Así ocurre, por ejemplo, con la información señalando que cerca de 40 mil jóvenes habían perdido el beneficio de la gratuidad en la educación superior por haber excedido el tiempo formal de egreso de sus carreras, el comentario añadido, aludiendo a un eventual encendido de alarmas, no fue suficiente y este asunto, a pesar de su significado, se diluyó rápidamente.
Hay varios motivos para mover a preocupación, no solo por la coyuntura, sino para el diseño de políticas públicas, para empezar hay que señalar que este el elevado número de afectados, provienen, principalmente, de planteles del Consejo de Rectores, una cifra que tiene todas las posibilidades de aumentar en los años por venir cuando más jóvenes puedan acceder a este beneficio en la educación superior.
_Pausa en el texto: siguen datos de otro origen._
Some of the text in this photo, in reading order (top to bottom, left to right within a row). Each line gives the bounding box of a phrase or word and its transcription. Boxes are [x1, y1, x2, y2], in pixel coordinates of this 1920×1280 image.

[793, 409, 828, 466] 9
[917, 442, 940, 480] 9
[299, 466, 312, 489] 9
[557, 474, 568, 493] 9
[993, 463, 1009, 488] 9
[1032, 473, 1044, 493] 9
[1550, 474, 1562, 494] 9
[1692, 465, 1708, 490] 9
En términos individuales, que suelen tener lecturas diferentes al tratamiento de datos estadísticos, cuando un joven se atrasa en terminar su plan de estudios y obtener su título, pierde el financiamiento, a partir de allí, queda librado a su suerte, ya que no siempre puede enfrentar los costos de la terminación de la carrera, en cuyo caso aumentan severamente los riesgos de abandono y deserción de la educación superior, una posibilidad que se ve aumentada todavía más ya que la mayoría de los casos afectan a jóvenes pertenecientes a los niveles socioeconómicos más bajos, con escasa capacidad de maniobra.
Hay una cifra de significado ambiguo, ya que el 30% de los jóvenes que abandona la educación superior, un 83% es el primer integrante de su familia con la aspiración de convertirse en el primer profesional del grupo, de tal manera que la buena noticia de las numerosos familias que por primera vez han podido tener a sus hijos cursando estudios universitarios se contrasta con el alto porcentaje de fracaso de los jóvenes. Se frustran así las posibilidades de movilidad social, el resultado primariamente esperado, y se mantiene una brecha entre los que sí pueden financiar los estudios a todo evento y quienes enfrentan un escenario de evidente fragilidad, perpetuando la situación de inequidad en las oportunidades.
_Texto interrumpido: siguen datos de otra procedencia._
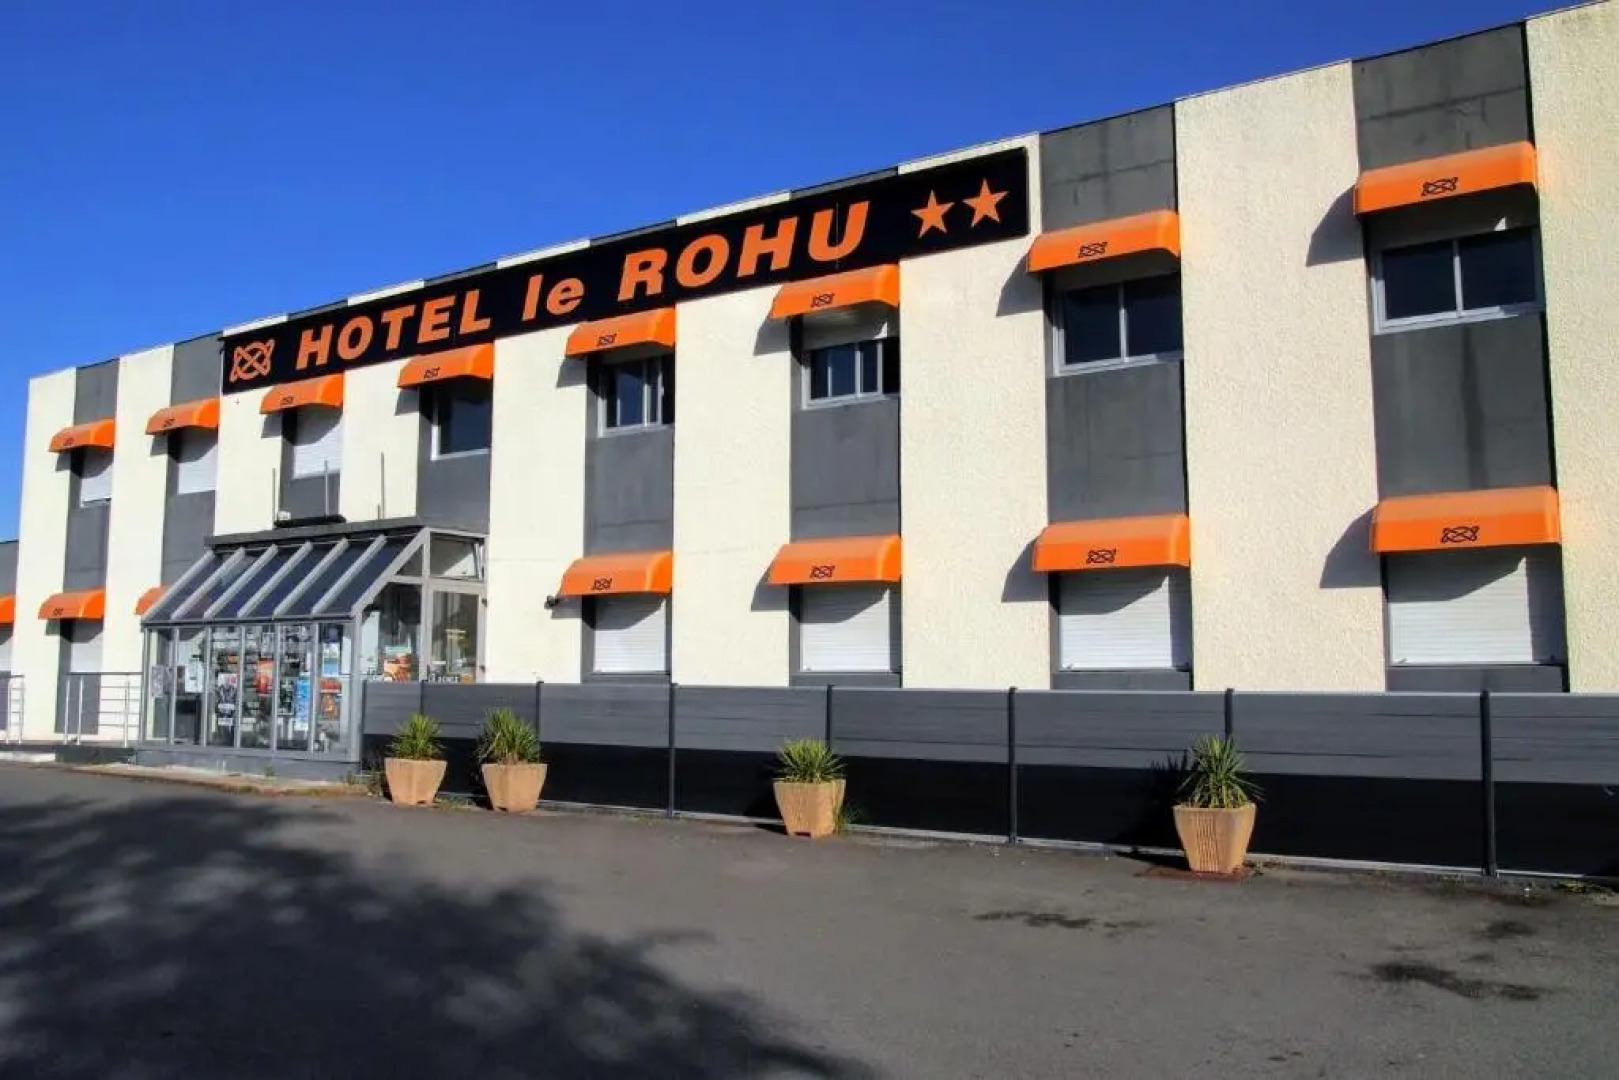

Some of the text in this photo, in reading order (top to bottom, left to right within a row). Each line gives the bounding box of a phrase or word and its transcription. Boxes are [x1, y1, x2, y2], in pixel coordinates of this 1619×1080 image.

[296, 200, 870, 371] HOTEL le ROHU
Los datos disponibles del Consejo de Rectores informan que el 60% de los universitarios requiere de un año más para egresar, una posibilidad que se incrementa notablemente si quienes ingresan a las instituciones viene con falencias en su formación, lo que obliga, no siempre con éxito, a implementar programas de acompañamiento al comenzar sus estudios superiores, hacer cursos de nivelación o robustecer los sistemas de tutoría, una carga añadida a las tareas usuales de las universidades y que no solían estar en su misión, ya que esa tarea se suponía provista por la educación precedente.
Las cifras que escuetamente relatan el alto porcentaje de jóvenes que pierden la gratuidad, ponen de manifiesto por donde habría que empezar, es evidente que los aportes deberían cambiar de dirección si se quiere corregir estos insatisfactorios resultados.